Top of Supplied records

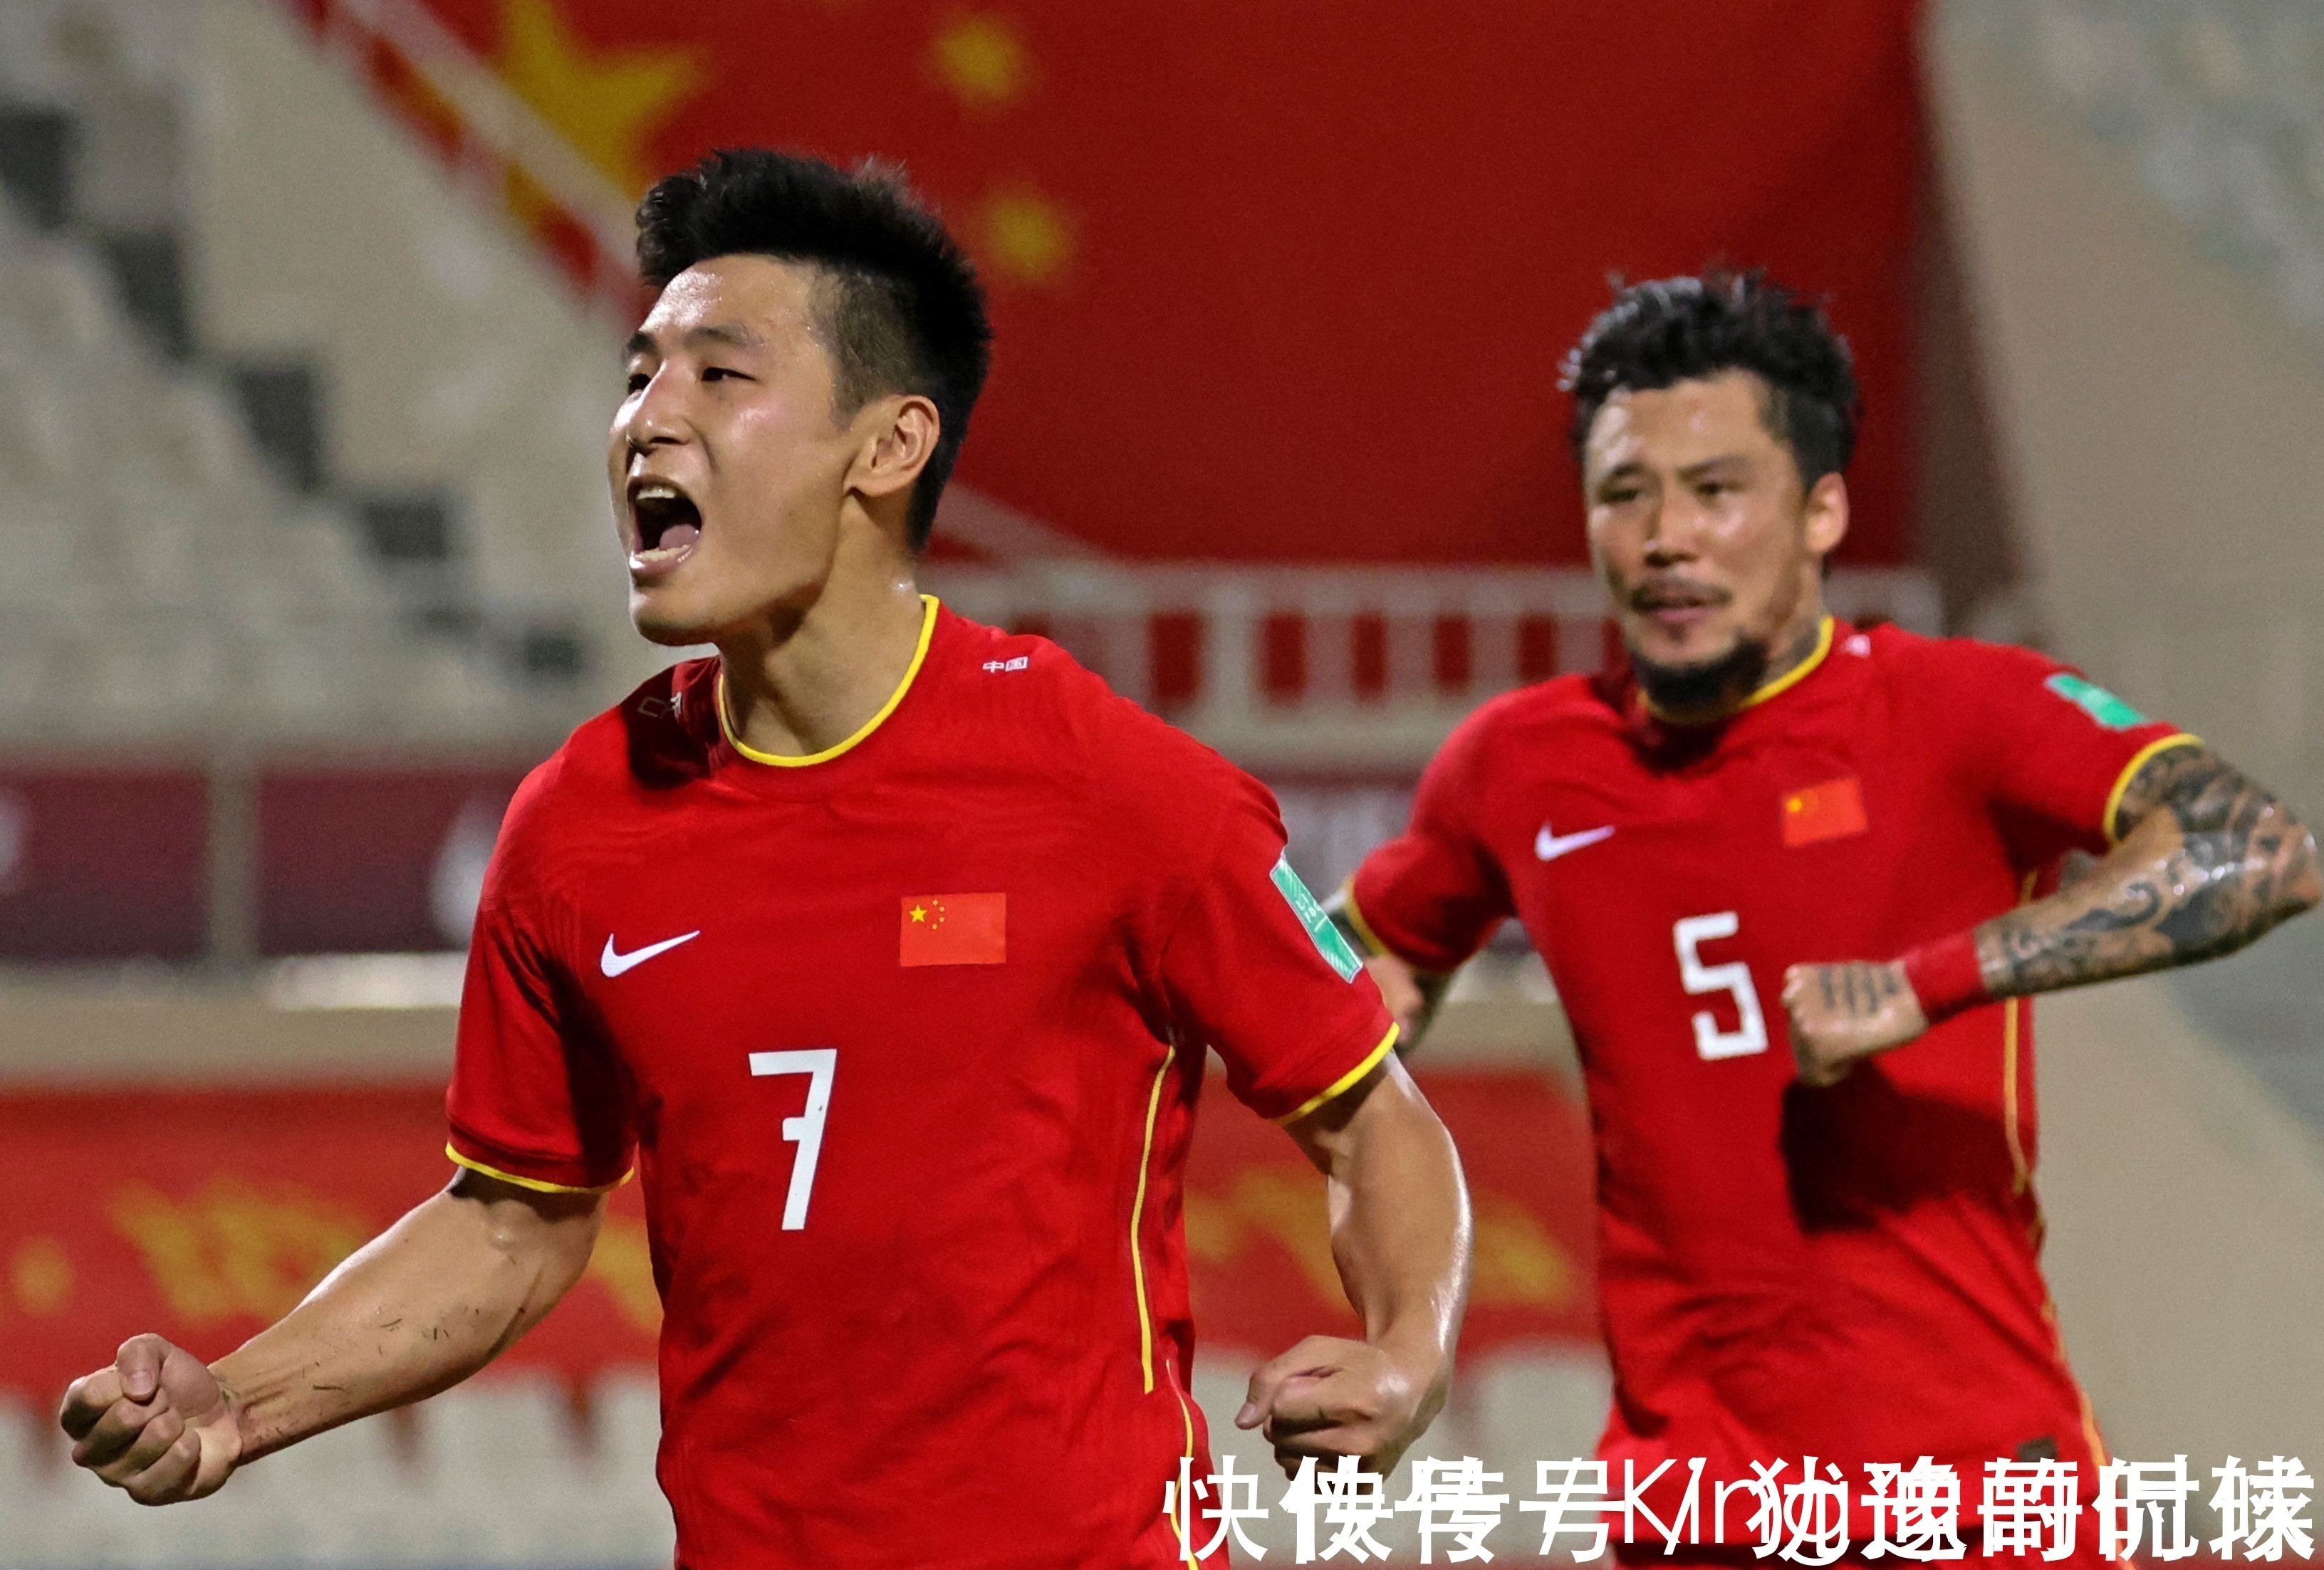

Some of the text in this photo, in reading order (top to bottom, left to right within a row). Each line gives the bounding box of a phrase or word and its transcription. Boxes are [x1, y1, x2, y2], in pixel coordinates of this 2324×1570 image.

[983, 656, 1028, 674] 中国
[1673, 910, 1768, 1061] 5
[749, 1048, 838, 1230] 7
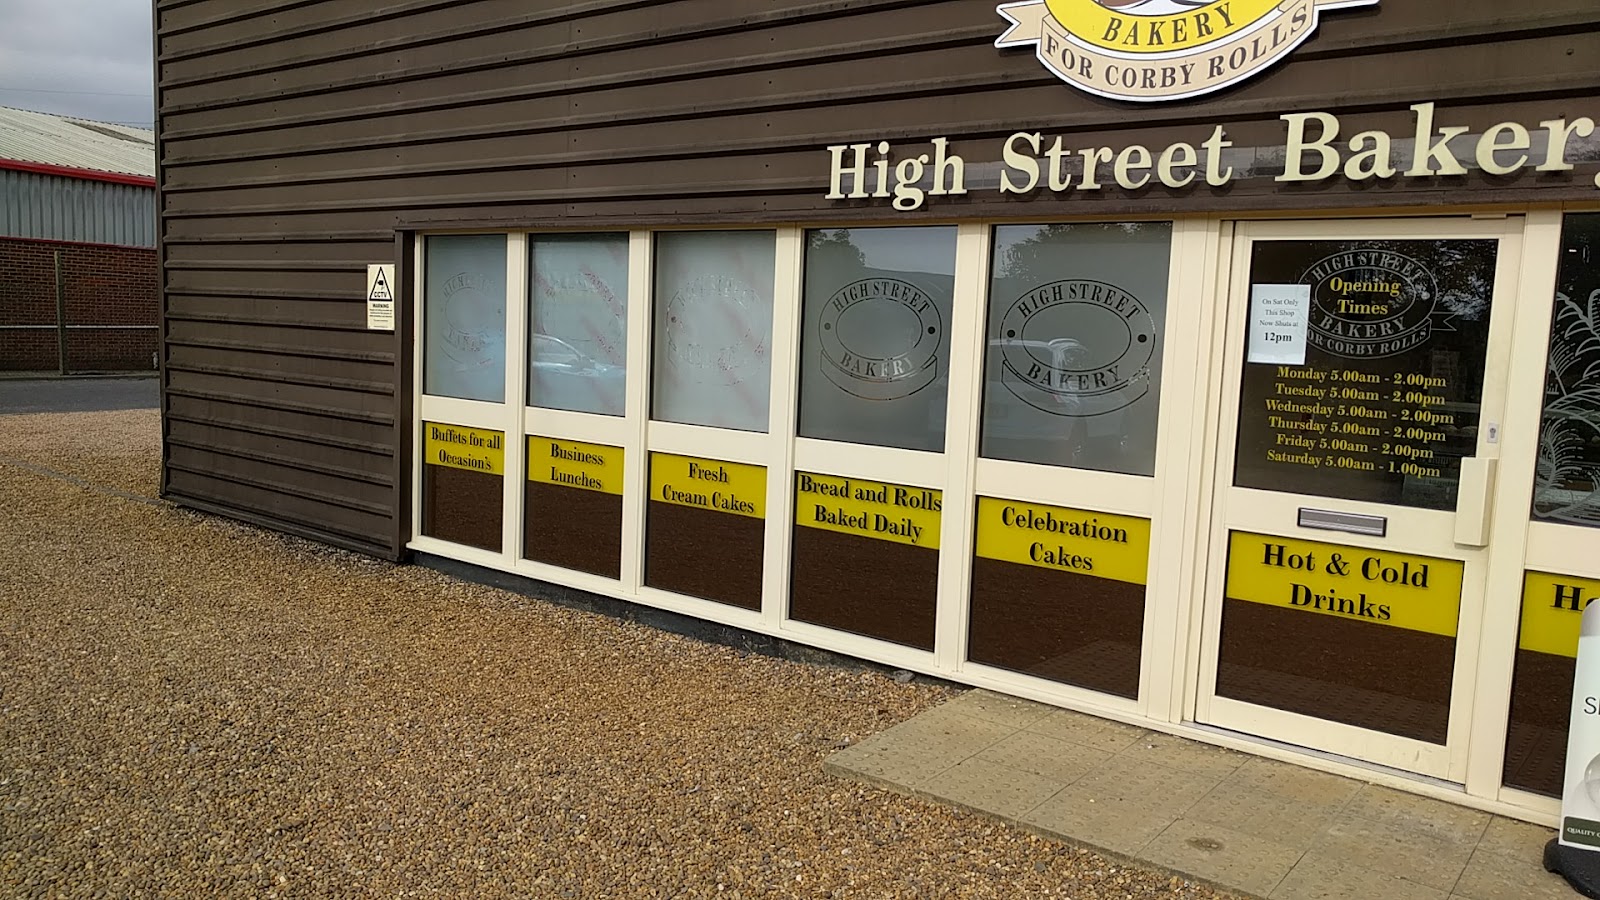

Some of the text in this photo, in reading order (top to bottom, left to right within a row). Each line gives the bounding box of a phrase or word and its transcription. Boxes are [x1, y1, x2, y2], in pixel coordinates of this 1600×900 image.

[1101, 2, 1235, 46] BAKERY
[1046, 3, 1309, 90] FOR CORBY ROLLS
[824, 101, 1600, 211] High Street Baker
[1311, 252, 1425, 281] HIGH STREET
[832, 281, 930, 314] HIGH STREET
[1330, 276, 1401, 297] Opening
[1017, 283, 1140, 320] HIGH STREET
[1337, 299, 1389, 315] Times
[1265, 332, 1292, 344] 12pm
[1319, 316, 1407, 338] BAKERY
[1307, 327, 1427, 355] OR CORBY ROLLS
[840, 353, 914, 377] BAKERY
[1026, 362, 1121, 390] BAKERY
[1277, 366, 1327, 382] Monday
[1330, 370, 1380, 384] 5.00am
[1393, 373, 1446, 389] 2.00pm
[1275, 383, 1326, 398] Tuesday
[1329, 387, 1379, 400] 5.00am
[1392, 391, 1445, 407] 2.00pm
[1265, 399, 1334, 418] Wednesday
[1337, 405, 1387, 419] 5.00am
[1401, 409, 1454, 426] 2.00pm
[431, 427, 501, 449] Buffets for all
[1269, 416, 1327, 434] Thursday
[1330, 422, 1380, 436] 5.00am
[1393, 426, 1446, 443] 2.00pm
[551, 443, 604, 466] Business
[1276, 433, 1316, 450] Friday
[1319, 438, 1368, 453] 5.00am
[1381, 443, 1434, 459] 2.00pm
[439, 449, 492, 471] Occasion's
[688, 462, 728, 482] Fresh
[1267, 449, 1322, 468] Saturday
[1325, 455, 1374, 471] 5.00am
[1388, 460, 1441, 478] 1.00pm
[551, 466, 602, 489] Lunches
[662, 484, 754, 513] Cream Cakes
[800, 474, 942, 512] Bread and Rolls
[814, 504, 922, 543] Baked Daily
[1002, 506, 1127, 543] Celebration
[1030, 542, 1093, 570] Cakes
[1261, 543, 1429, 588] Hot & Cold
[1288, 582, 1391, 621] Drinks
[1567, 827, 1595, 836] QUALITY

Bottom of Supplied records

**Task item:** Transcribe everything above exactly. Do not include the pictures.

**Answer for this exercise:**
Some of the text in this photo, in reading order (top to bottom, left to right within a row). Each line gives the bounding box of a phrase or word and its transcription. Boxes are [x1, y1, x2, y2], in pixel coordinates of this 2324×1570 image.

[983, 656, 1028, 674] 中国
[1673, 910, 1768, 1061] 5
[749, 1048, 838, 1230] 7

Some of the text in this photo, in reading order (top to bottom, left to right within a row). Each line gives the bounding box of a phrase or word and its transcription. Boxes are [x1, y1, x2, y2], in pixel coordinates of this 1600×900 image.

[1101, 2, 1235, 46] BAKERY
[1046, 3, 1309, 90] FOR CORBY ROLLS
[824, 101, 1600, 211] High Street Baker
[1311, 252, 1425, 281] HIGH STREET
[832, 281, 930, 314] HIGH STREET
[1330, 276, 1401, 297] Opening
[1017, 283, 1140, 320] HIGH STREET
[1337, 299, 1389, 315] Times
[1265, 332, 1292, 344] 12pm
[1319, 316, 1407, 338] BAKERY
[1307, 327, 1427, 355] OR CORBY ROLLS
[840, 353, 914, 377] BAKERY
[1026, 362, 1121, 390] BAKERY
[1277, 366, 1327, 382] Monday
[1330, 370, 1380, 384] 5.00am
[1393, 373, 1446, 389] 2.00pm
[1275, 383, 1326, 398] Tuesday
[1329, 387, 1379, 400] 5.00am
[1392, 391, 1445, 407] 2.00pm
[1265, 399, 1334, 418] Wednesday
[1337, 405, 1387, 419] 5.00am
[1401, 409, 1454, 426] 2.00pm
[431, 427, 501, 449] Buffets for all
[1269, 416, 1327, 434] Thursday
[1330, 422, 1380, 436] 5.00am
[1393, 426, 1446, 443] 2.00pm
[551, 443, 604, 466] Business
[1276, 433, 1316, 450] Friday
[1319, 438, 1368, 453] 5.00am
[1381, 443, 1434, 459] 2.00pm
[439, 449, 492, 471] Occasion's
[688, 462, 728, 482] Fresh
[1267, 449, 1322, 468] Saturday
[1325, 455, 1374, 471] 5.00am
[1388, 460, 1441, 478] 1.00pm
[551, 466, 602, 489] Lunches
[662, 484, 754, 513] Cream Cakes
[800, 474, 942, 512] Bread and Rolls
[814, 504, 922, 543] Baked Daily
[1002, 506, 1127, 543] Celebration
[1030, 542, 1093, 570] Cakes
[1261, 543, 1429, 588] Hot & Cold
[1288, 582, 1391, 621] Drinks
[1567, 827, 1595, 836] QUALITY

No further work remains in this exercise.